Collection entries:
________________________________________

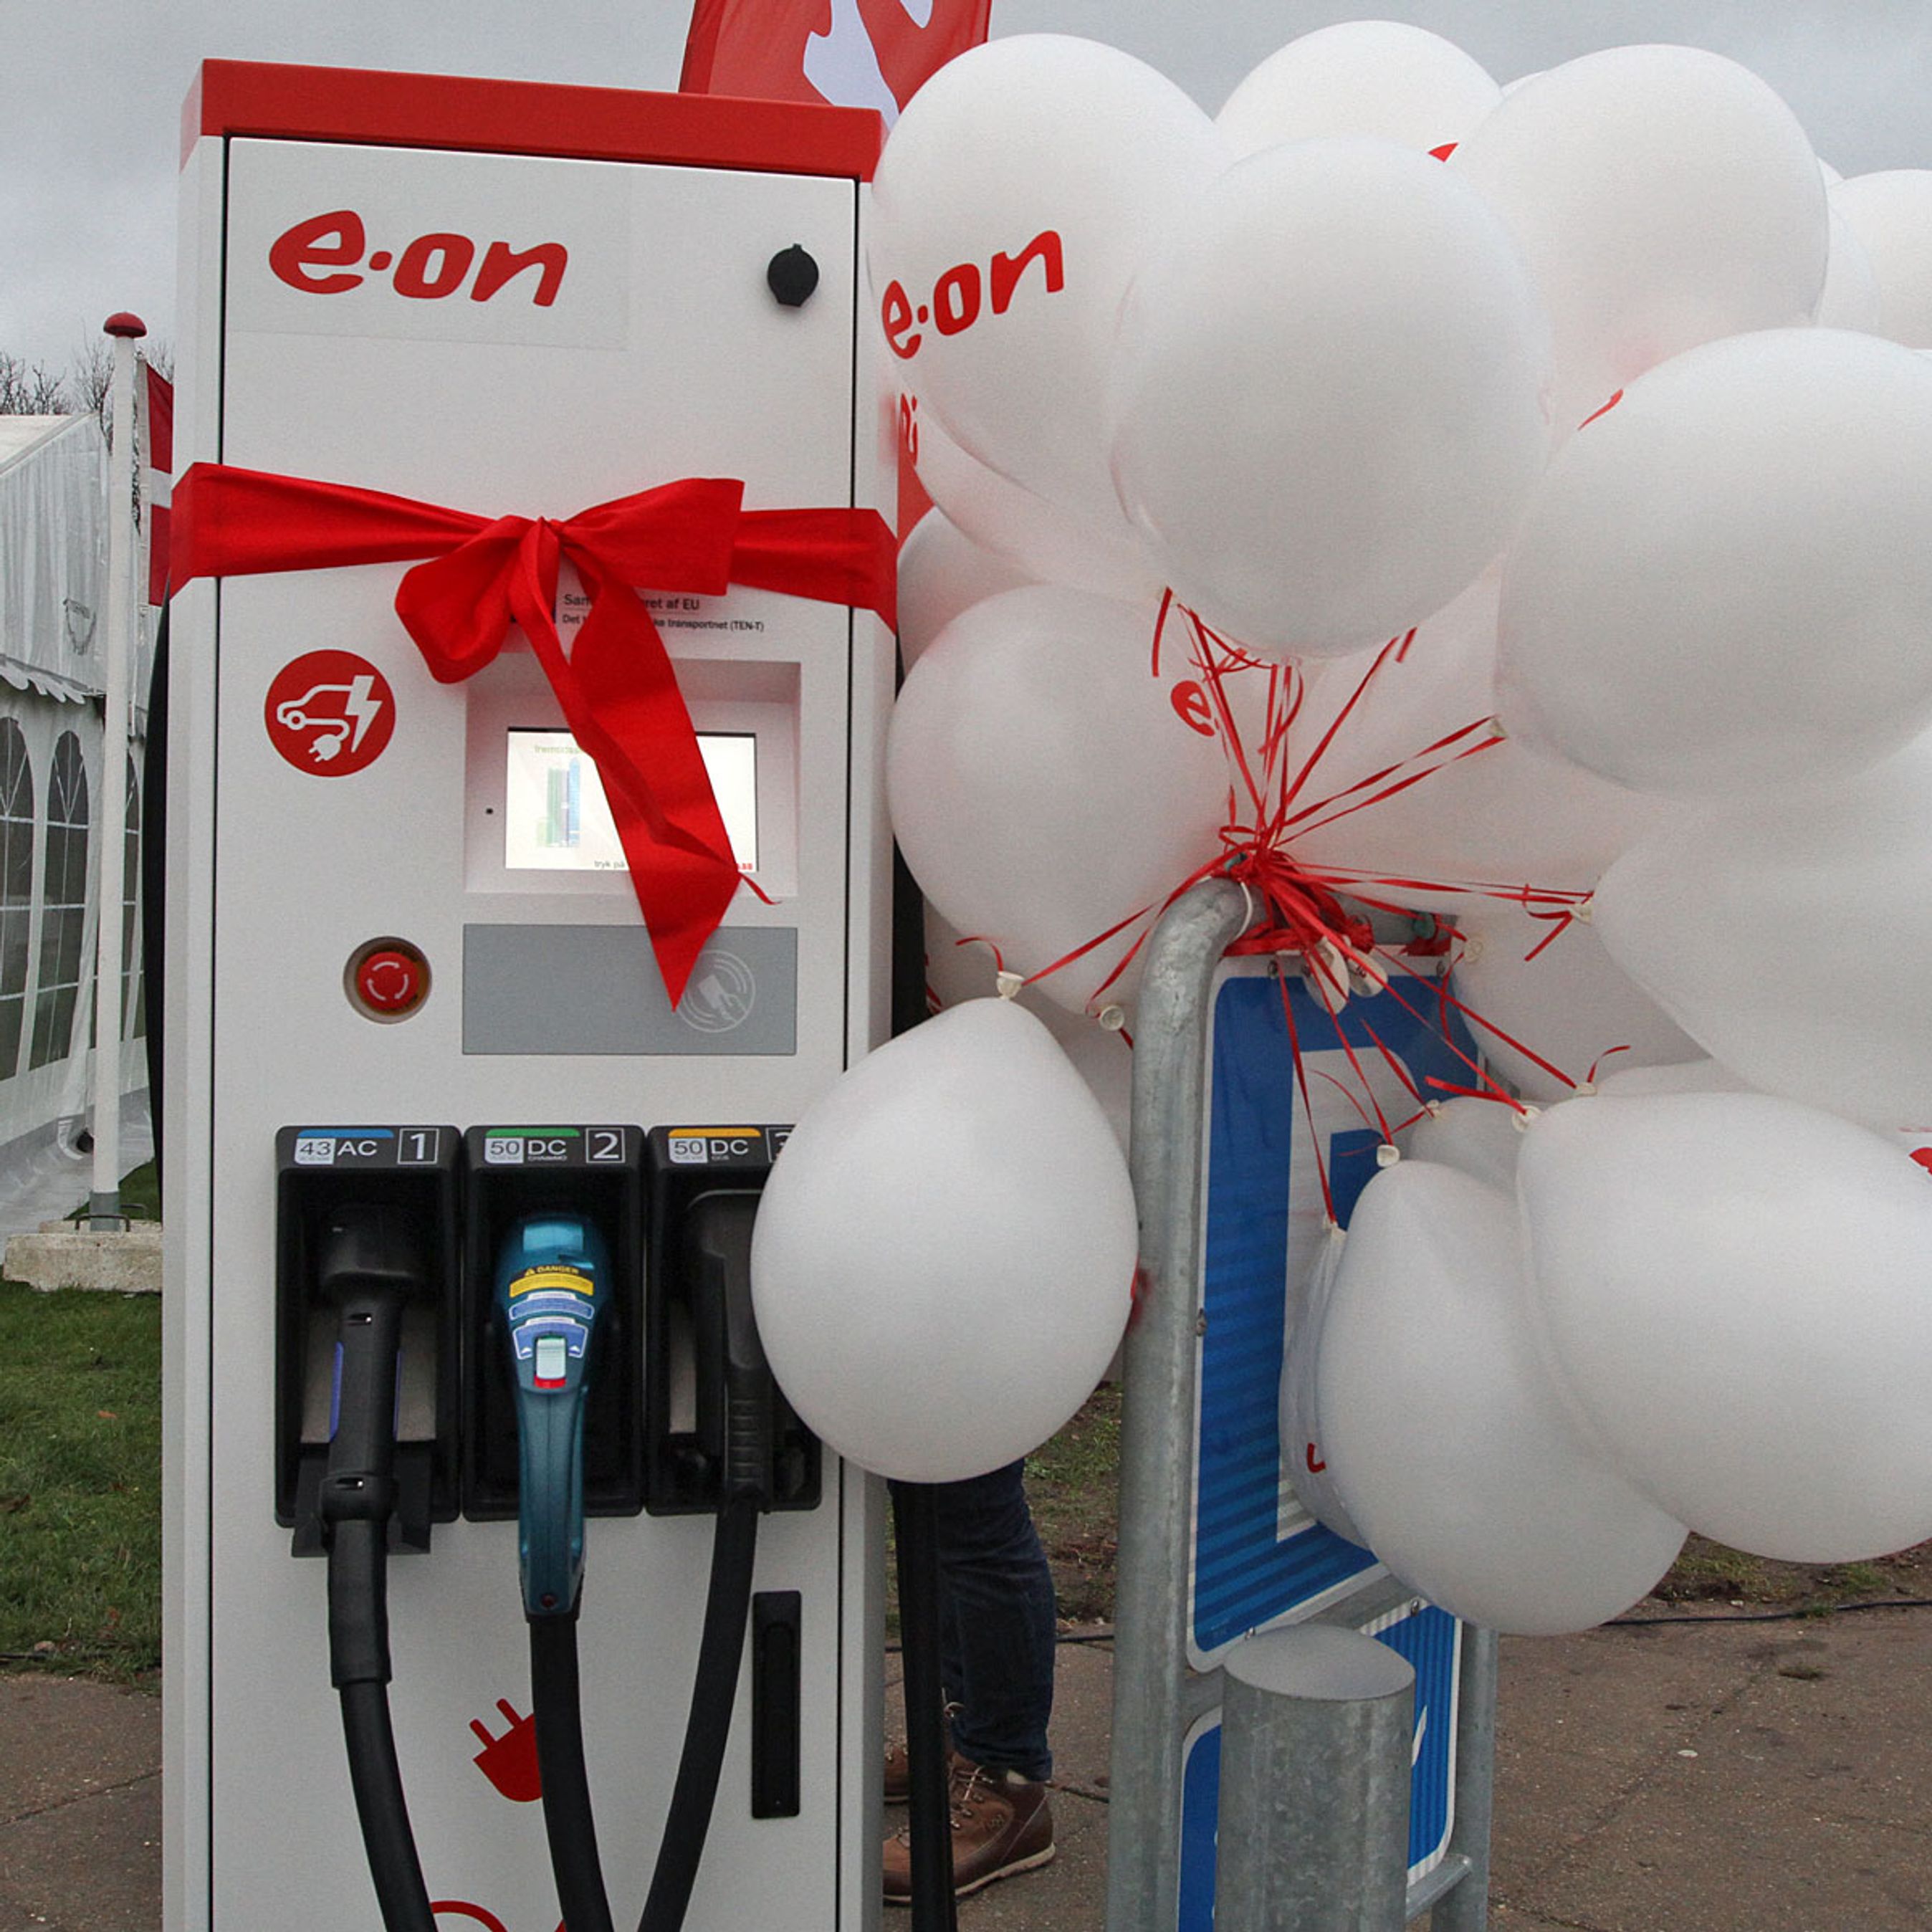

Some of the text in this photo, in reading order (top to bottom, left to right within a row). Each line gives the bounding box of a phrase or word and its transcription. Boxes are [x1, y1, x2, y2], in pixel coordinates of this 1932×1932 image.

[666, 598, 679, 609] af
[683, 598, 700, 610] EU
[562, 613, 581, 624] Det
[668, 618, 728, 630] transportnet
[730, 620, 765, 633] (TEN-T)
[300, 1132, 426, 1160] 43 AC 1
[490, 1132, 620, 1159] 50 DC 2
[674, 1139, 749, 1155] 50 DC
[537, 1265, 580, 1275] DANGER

________________________________________

*YOUR OBJECTIVE*. Once the pictures are set aside, copy the remaining text of every entry exactly.

*RESPONSE TO THIS TASK*.
Some of the text in this photo, in reading order (top to bottom, left to right within a row). Each line gives the bounding box of a phrase or word and its transcription. Boxes are [x1, y1, x2, y2], in pixel coordinates of this 1932×1932 image.

[666, 598, 679, 609] af
[683, 598, 700, 610] EU
[562, 613, 581, 624] Det
[668, 618, 728, 630] transportnet
[730, 620, 765, 633] (TEN-T)
[300, 1132, 426, 1160] 43 AC 1
[490, 1132, 620, 1159] 50 DC 2
[674, 1139, 749, 1155] 50 DC
[537, 1265, 580, 1275] DANGER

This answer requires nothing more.